Le premier secrétaire national du Front des forces socialistes (FFS), Mohamed Nebbou, a appelé, hier à Ifri (Béjaïa), à tirer les leçons du consensus ayant prévalu durant la lutte de Libération nationale, qui «a donné l’indépendance à l’Algérie».

«Du 1er Novembre 1954, où un consensus s’est dégagé pour se libérer du joug colonial, au Congrès de la Soummam, où les acteurs politiques et militaires de l’époque avaient su dépasser les clivages en s’unissant pour un objectif commun, à la naissance du GPRA, visant la cristallisation des recommandations du Congrès de la Soummam, le dépassement des divergences individuelles et la concentration sur l’essentiel, beaucoup de leçons peuvent être tirées», a souligné M. Nebbou, dans une allocution lors d’un recueillement au mémorial du Congrès de la Soummam, organisé à l’occasion de la célébration de la Journée nationale du moudjahid (20 Août 1955).

«C’est cet enchaînement et cette dynamique extraordinaires, fruit du génie algérien, qui ont donné l’indépendance et poussé la France coloniale à abdiquer», a-t-il ajouté dans le même discours, transmis à l’APS.

Il a souligné que l’esprit de consensus revêtait une importance «vitale», constituant une «réponse adaptée aux exigences de la situation actuelle pour nous mener vers des horizons plus sûrs».

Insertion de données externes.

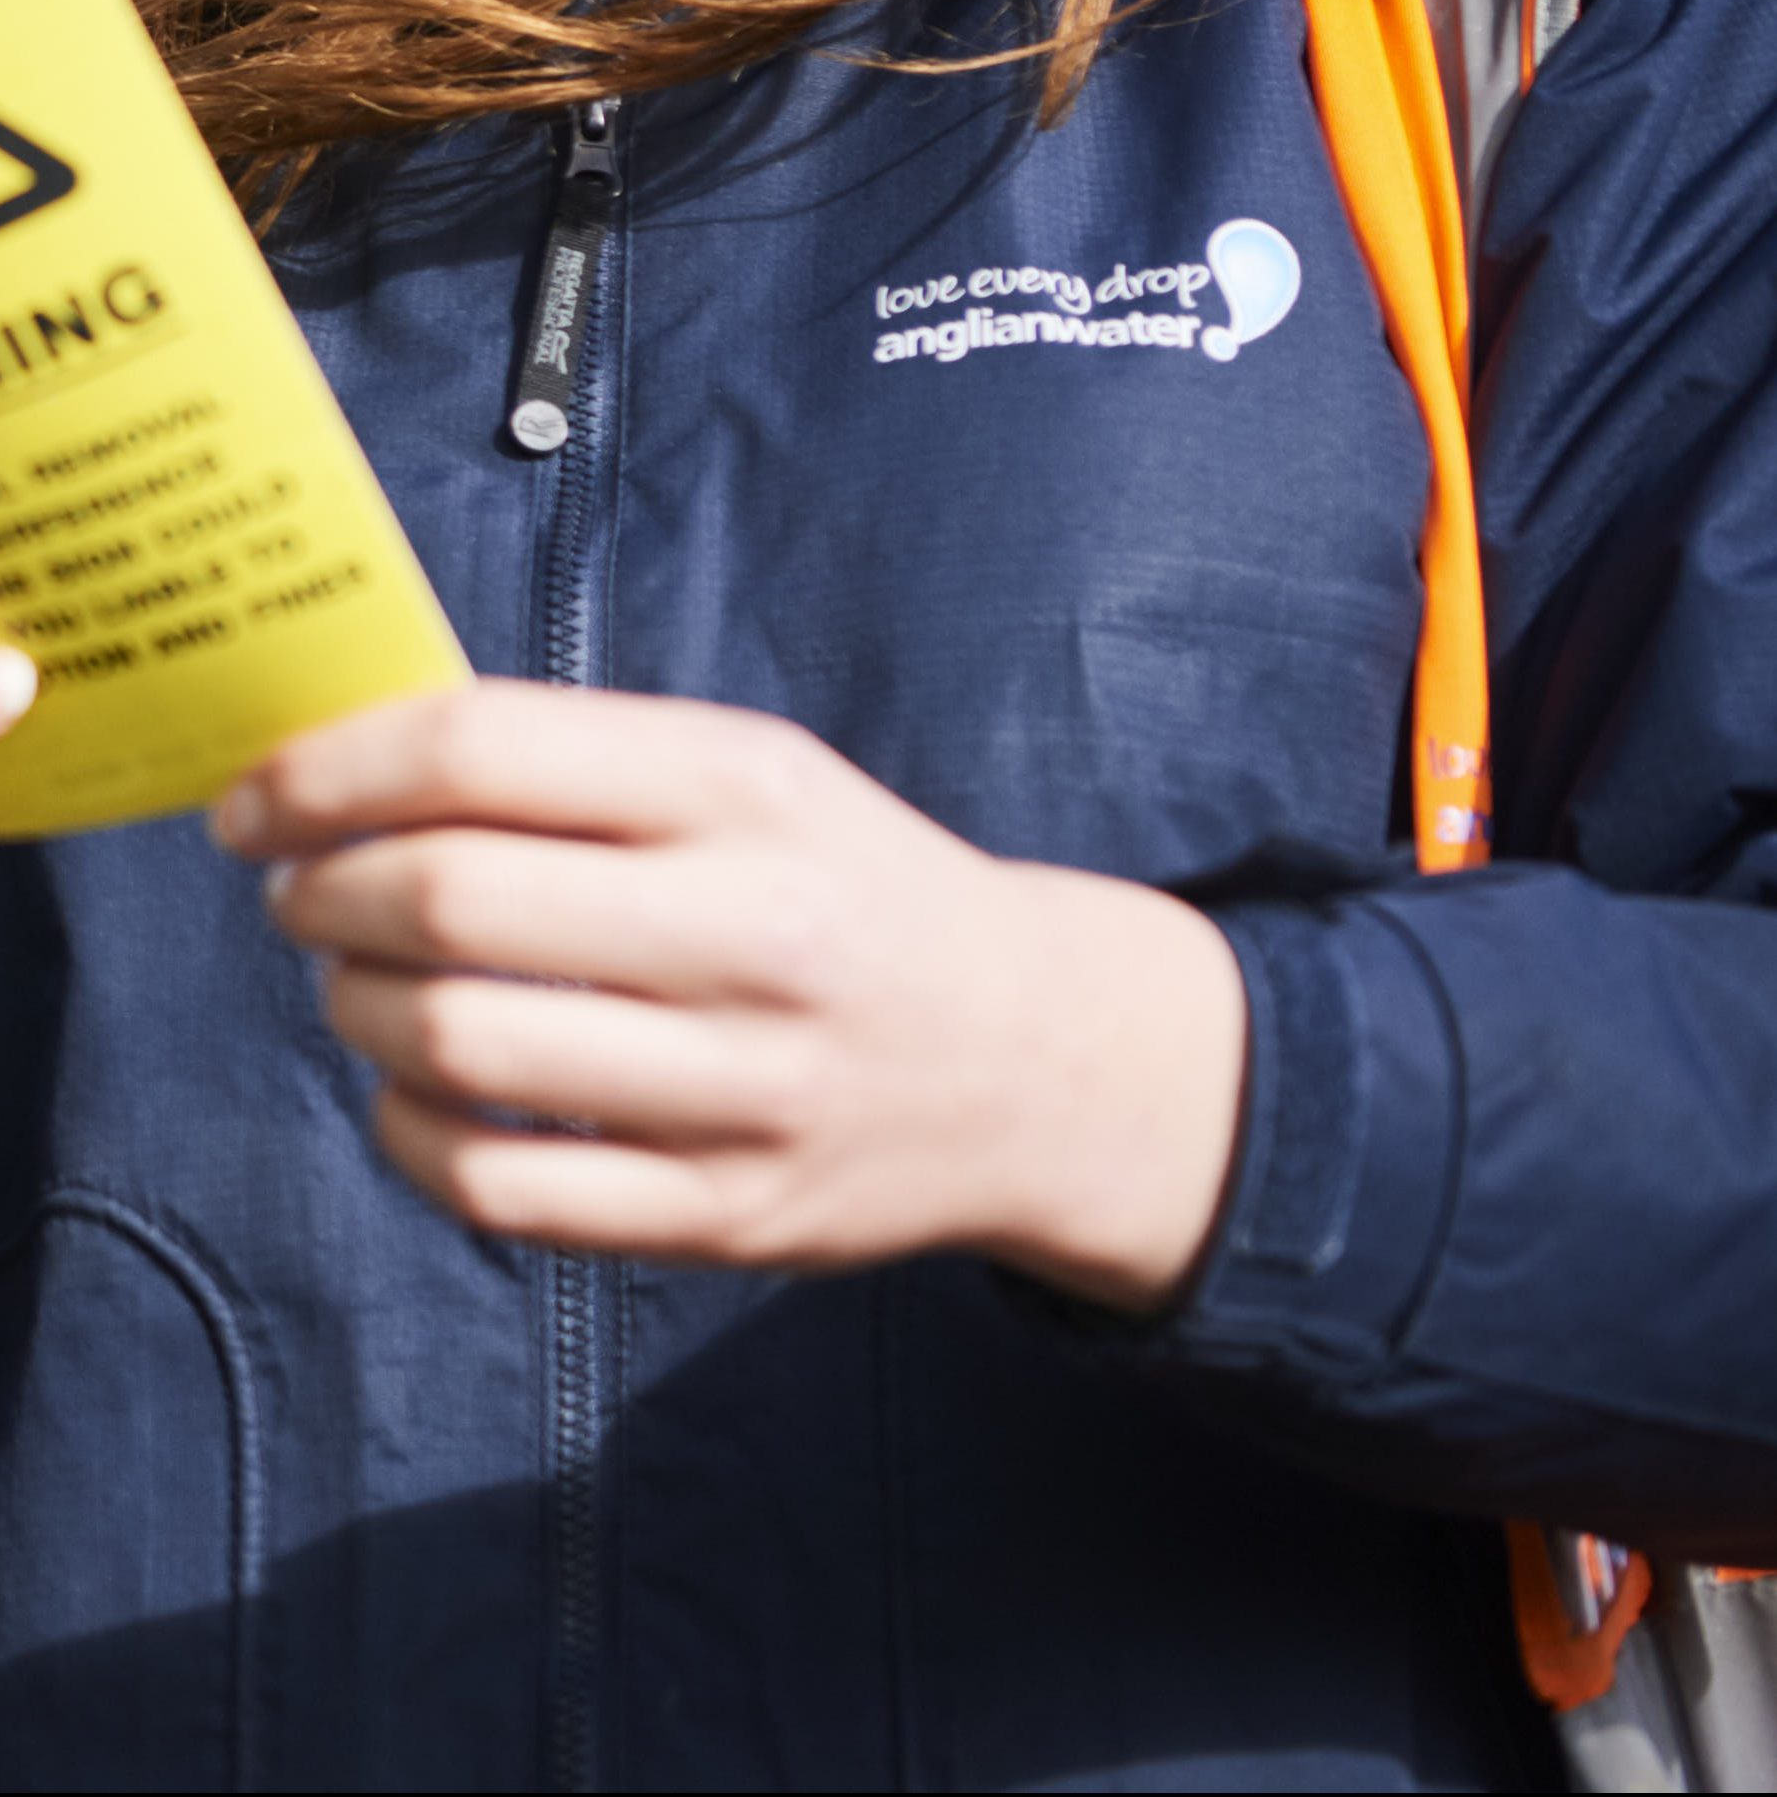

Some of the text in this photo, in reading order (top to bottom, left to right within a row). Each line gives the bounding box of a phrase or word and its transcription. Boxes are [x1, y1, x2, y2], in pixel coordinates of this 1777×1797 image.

Le premier secrétaire du FFS s’est, également, félicité des avancées «importantes» réalisées depuis l’appel lancé par le parti, en mai 2013, à la reconstruction d’un consensus national, estimant que «plus personne n’affiche aujourd’hui une opposition franche à cette démarche».

L’esprit de consensus est à même de «donner naissance à une ère où l’intérêt suprême du pays va prévaloir sur toutes les autres considérations, une ère de dialogue, de négociations et de rassemblement», a encore affirmé M. Nebbou.